Hardcore Rotation Checkin for Thursday Aug 4

You know Susan I was thinking the same thing. I didn't really think about where to add it though, but tomorrow probably would be good.

Is anyone concerned about losing any muscle development from all of this cardio? Before Cathe I only did cardio, but I've learned over the last 6 months to balance weights and cardio.

Dallas

edited to say: Thanks Susan for the suggestion on getting CTX. I should just do it!
 
I'm back...

It has been a busy day for me but I did go out for a run during lunch today. I think we ran about 4 miles. It was hot!!!!

Sabrina...I hope you enjoy your trip!! I hope have plans to do some sort of workout due to all the fudge it sounds like you are going to indulge in.

Susan...Yeah, I really didn't enjoy SJP that much. It was okay...but I guess I'm just not crazy about hi/lo and that crazy combo with the "pose". Just couldn't get into it...it will just have to grow on me. I think I need some upperbody as well...I might do PUB or something like that. I didn't understand the numbers you were putting behind the exercises on the previous post...Is that how long you are going to do them?

Nicole...I'm doing IMAX 2 tomorrow...I don't like it as much as IMAX3, but I do like it.

Terri...good workouts girl!! Glad you are getting rain...we need it really bad!! I think we may get a little tonight.

Dallas...definitely get CTX!! Get SJP when you have nothing else to buy (just kidding).
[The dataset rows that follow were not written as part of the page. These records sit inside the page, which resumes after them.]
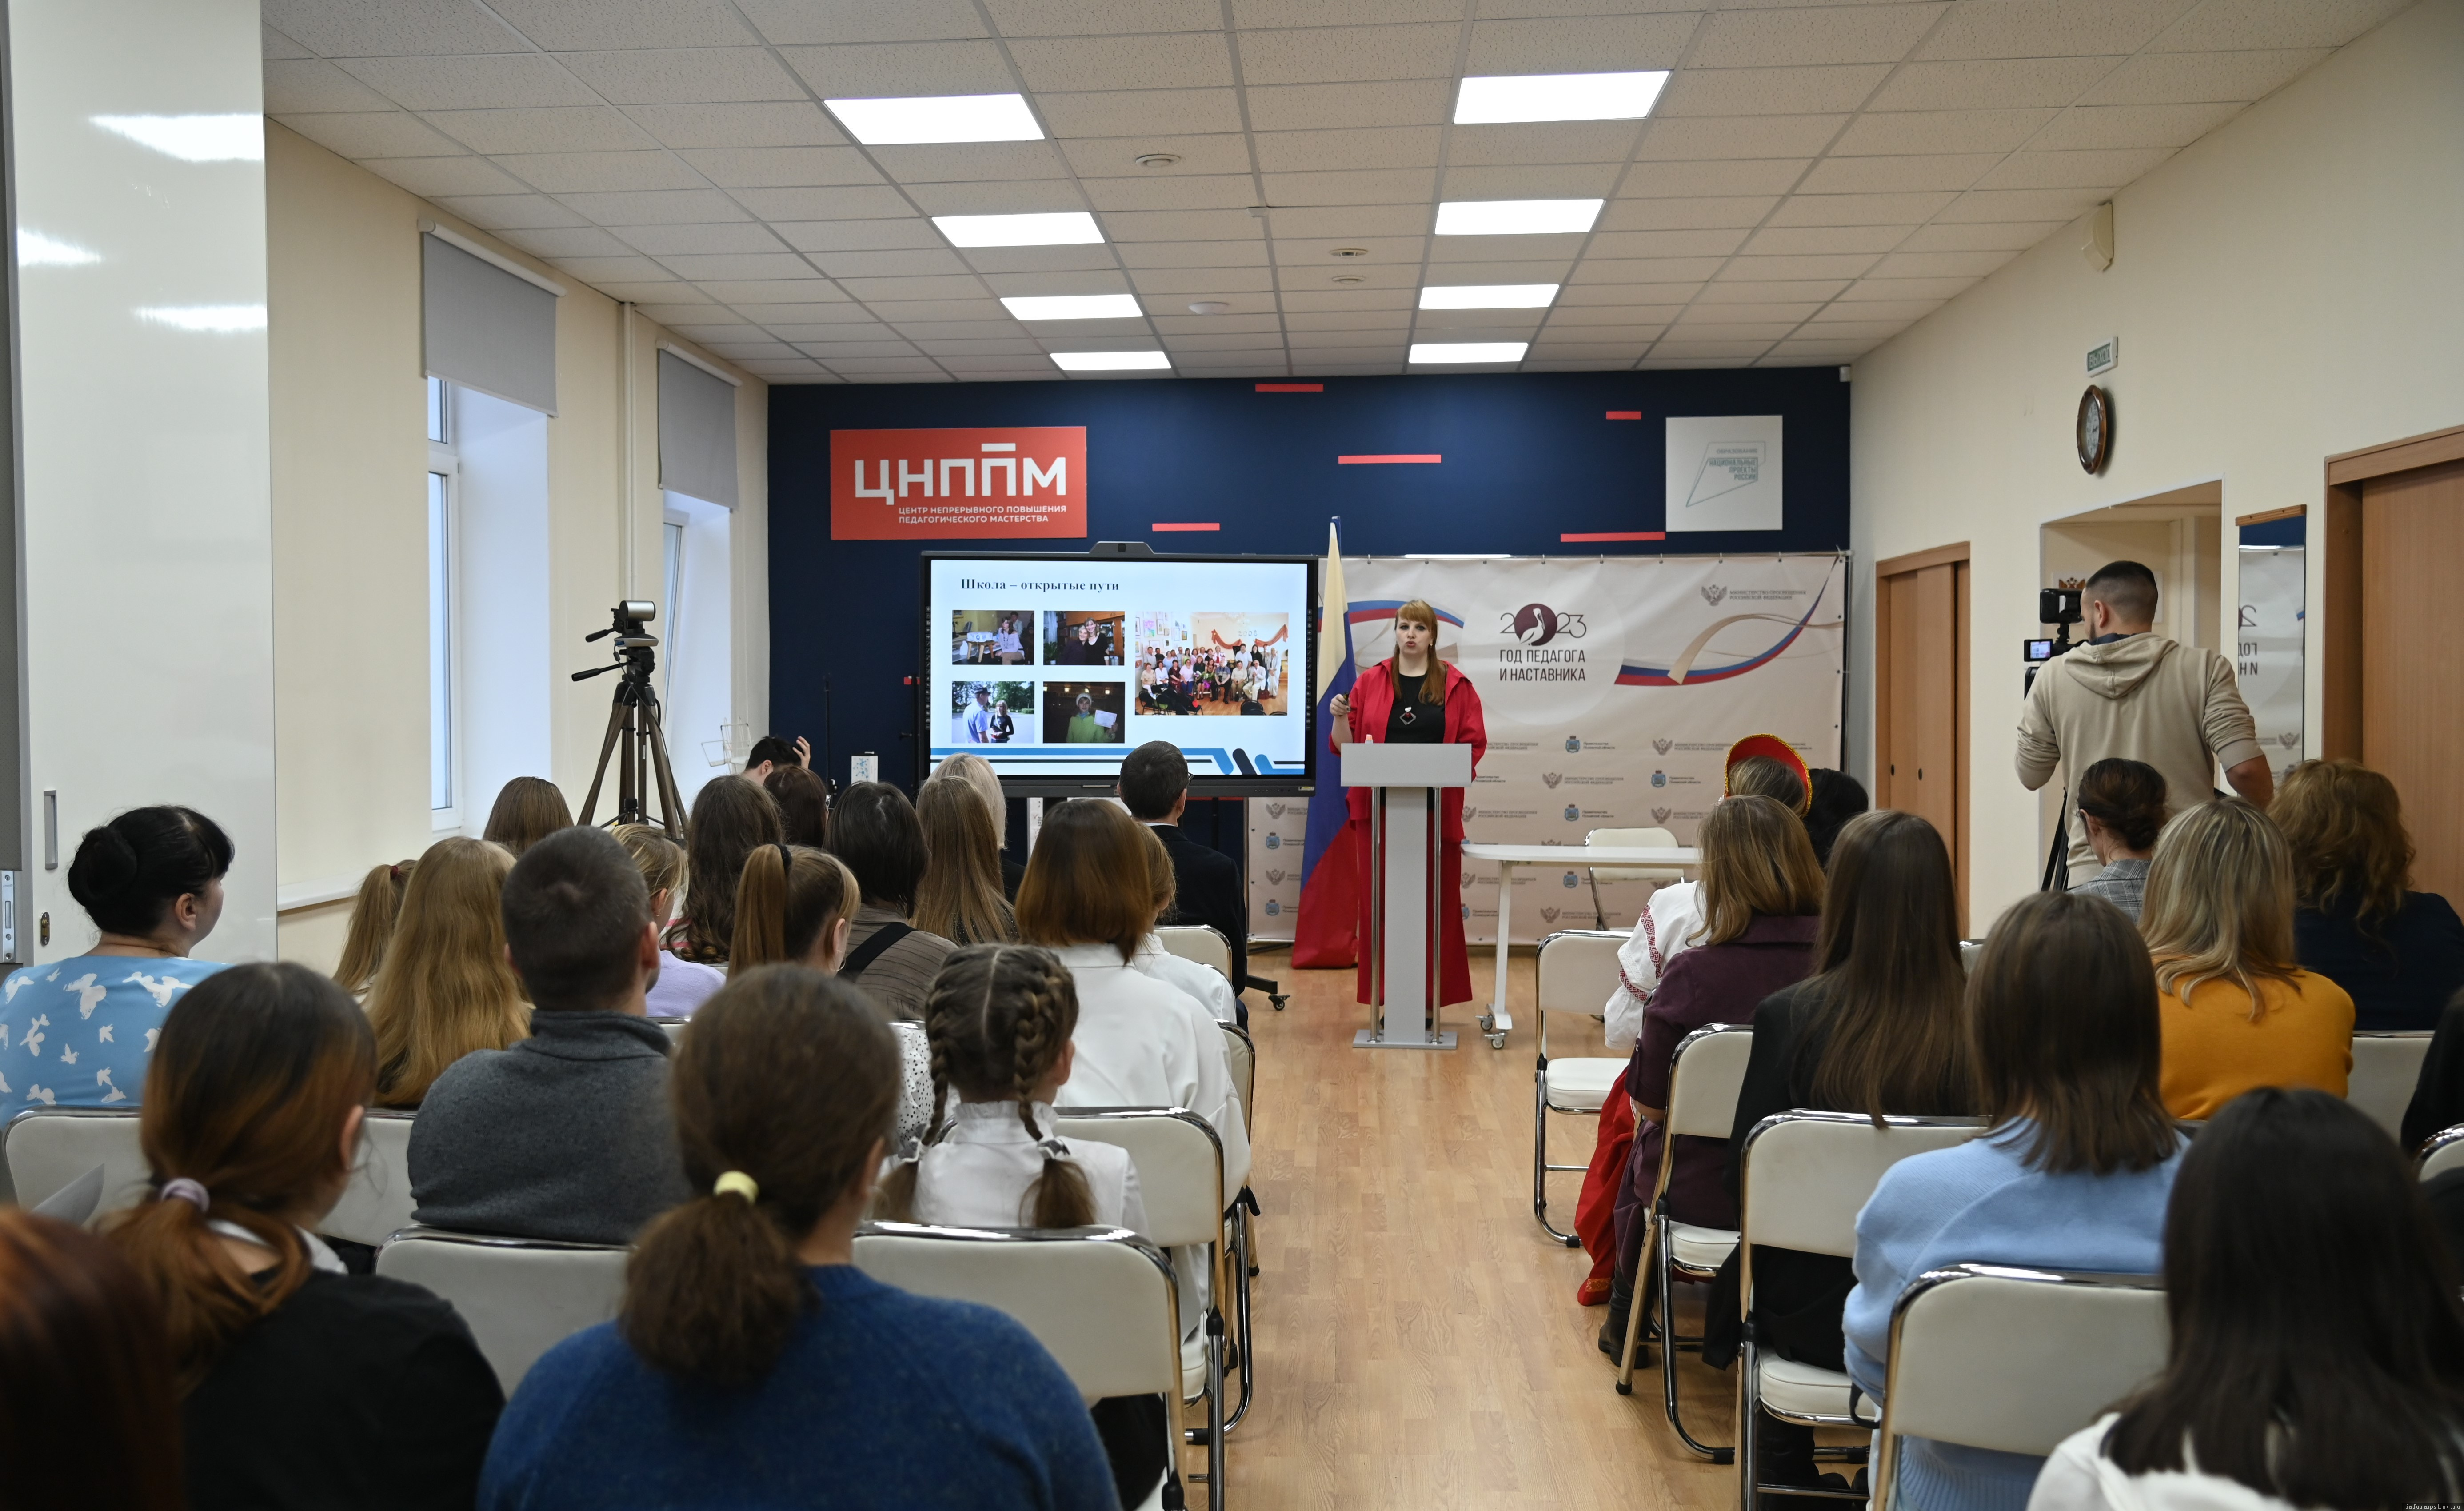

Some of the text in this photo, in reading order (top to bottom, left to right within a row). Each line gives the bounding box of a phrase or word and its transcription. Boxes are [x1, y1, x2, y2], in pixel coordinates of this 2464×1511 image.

[855, 443, 1066, 505] ЦНППМ
[930, 506, 1004, 514] НЕПРЕРЫВНОГО
[899, 516, 987, 524] ПЕДАГОГИЧЕСКОГО
[961, 579, 1006, 589] Школа
[1021, 581, 1086, 592] открытые
[1089, 582, 1119, 593] пути
[1500, 649, 1585, 664] ГОД ПЕДАГОГА
[1500, 668, 1585, 681] И НАСТАВНИКА
Enjoy the rest of the day!!

~Marietta
FITXME
 
Marietta-lots of water activities since we are going to a huge water park. I believe there is also a gym in the hotel. We are staying in a condo they(the hotel) just opened last week. I could take my laptop and a couple workouts too!! Just thought of that! Goody for me. KPC could go since I wouldn't have to take lots of equipment with me. What others? Have to think on it. I am getting that fudge too!! :9

Thanks for the well wishes everyone! I will post until Monday morning.
 
Sabrina....take KPC and look up Cathe's vacation workout. It's really good!!

I meant to say earlier to Dallas (I think)...I'm calm now. I'm glad you guys were there for me. I just couldn't take it anymore!!

~Marietta
FITXME
 
We are your support team!! Call us anytime!! ;-)
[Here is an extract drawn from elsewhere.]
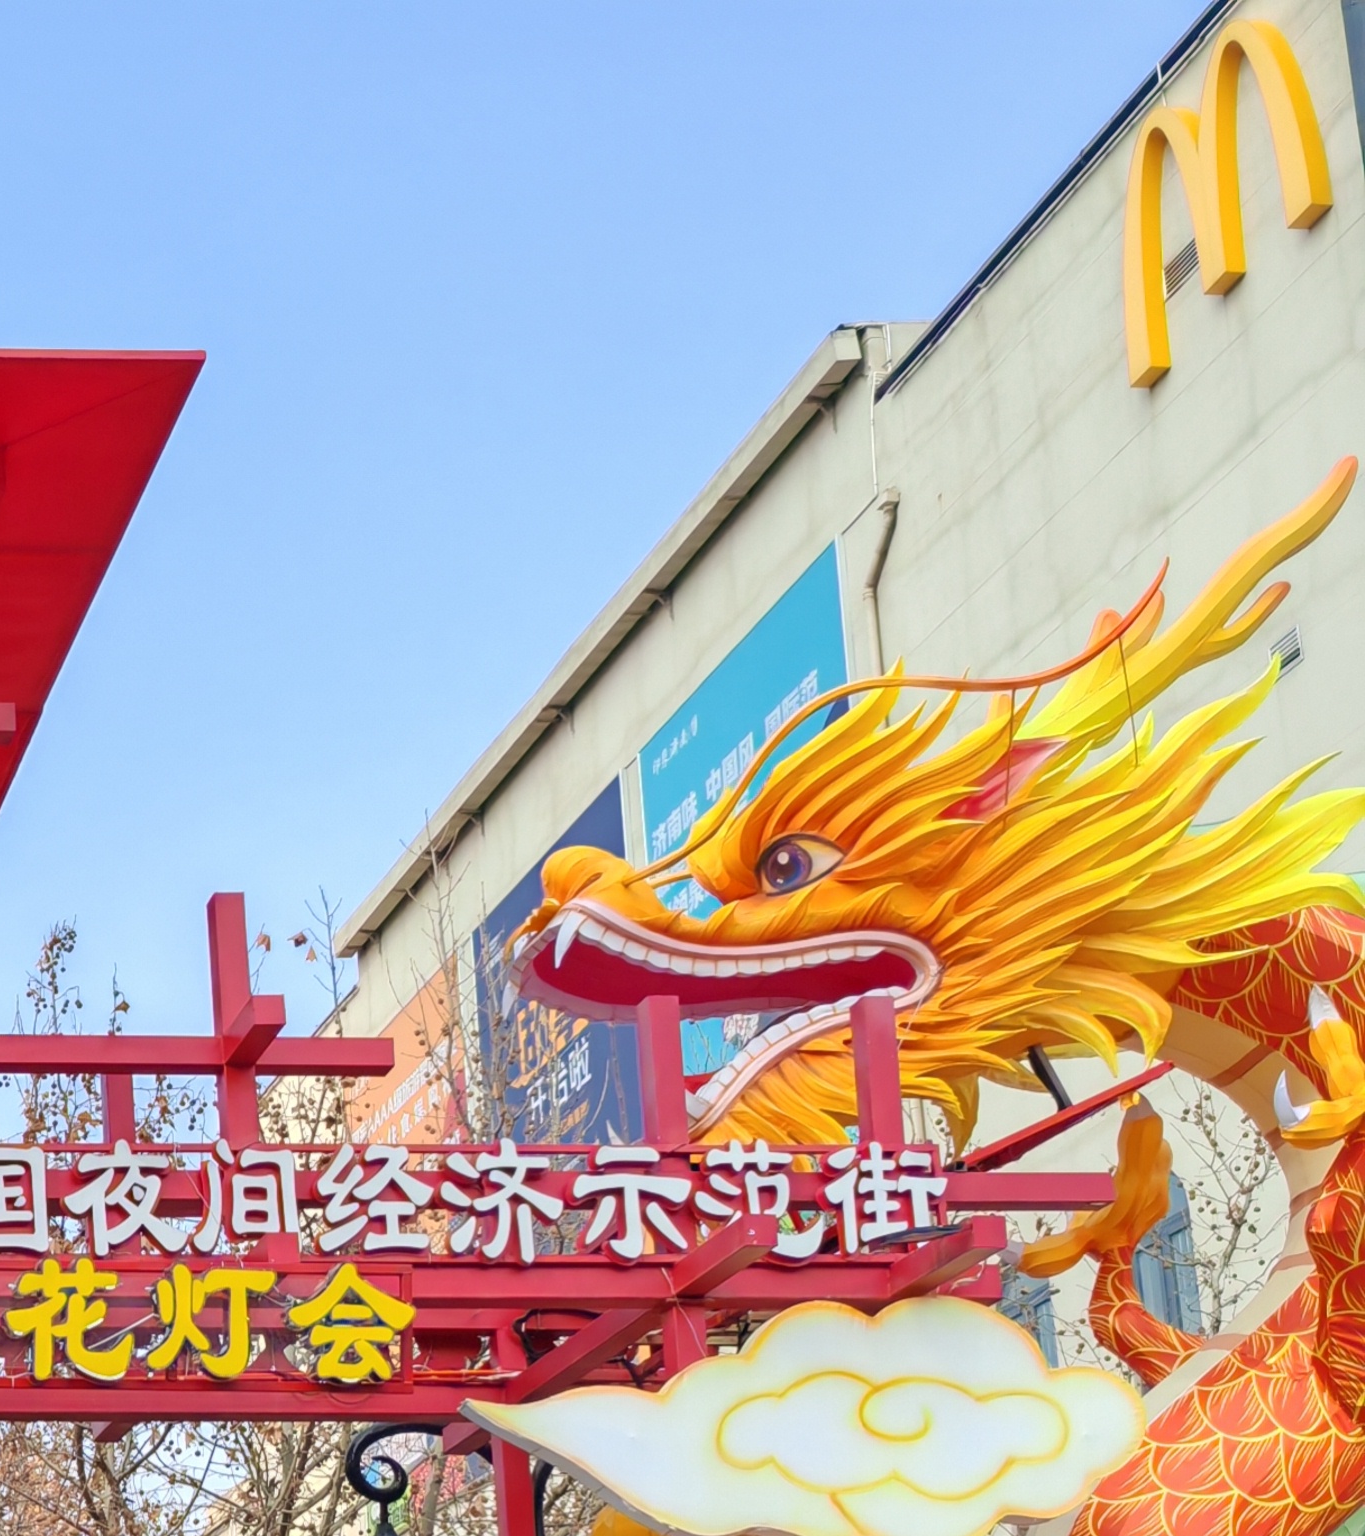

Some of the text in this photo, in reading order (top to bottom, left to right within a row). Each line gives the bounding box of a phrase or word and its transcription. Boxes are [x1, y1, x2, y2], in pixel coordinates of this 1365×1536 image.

[651, 790, 698, 862] 济南味
[704, 731, 755, 802] 中国风
Where is the vacation workout? Thank you!:)

This evening it looks like I am going to do Leaner Legs and then a coremax workout instead of the ab segment in leaner legs.

Have a great evening. I will be doing good if I can stay away from the ice cream! LOL!
 
Sabrina,

I'm about to do my class...remind me tomorrow and I'll send it to you...okay?

~Marietta
FITXME
 
I'm back...Here is the "Vacation Rotation"

25 minutes a morning is all you need to maintain enough so that when you come back you will not feel out of the loop. Bring one set of moderate pound dumbbells (5 or 8 pounds) Here is a sample two week vacation workout:

Monday/Wednesday/Friday

a) Warm Up:
5 minute brisk walk

b) Legs:
Leg Blast:
30 seconds non-weighted squats
30 seconds plyo jacks
30 seconds squats/ with dumbbells in hands
30 seconds front kicks (no dumbells)
30 seconds side kicks (no dumbbells)

Forward lunges (with dumbbells)....3 sets 15 reps (Rt leg 15 / Left leg 15 then do the next set).

Back lunges (with dumbbells).....Same reps/sets as forward lunges.

c) Torso/Arms
Chest: 3 sets of 10 push ups...On last rep of last set hold push up 1/2 way down for 20 seconds.

Back: One arm dumbbell rows (put both weights in one hand) do 3 sets of 15 reps per arm.

Biceps: Concentration curls (put both weights in one arm)do 3 sets of 15 reps.

Triceps: ALTERNATE one set of dips (15 reps) with one set of double arm kickbacks (do as many as you can with that weight and good form). Do three alternating sets.

Shoulders: Seated bent arm side lateral raises (10 reps) right into rear delt flys (as many as you can with that weight and good form). Do three alternating sets.

Abs: traditional crunches for 3 minutes and then flip over and hold a one minute plank

Stretch



Tues/Thursday/Saturday

A 25 minute walk/run (this includes 5 minute brisk walk warm up and three minute stretch).


I did this when I went on vacation a few months ago...not what I'm used to, but very effective.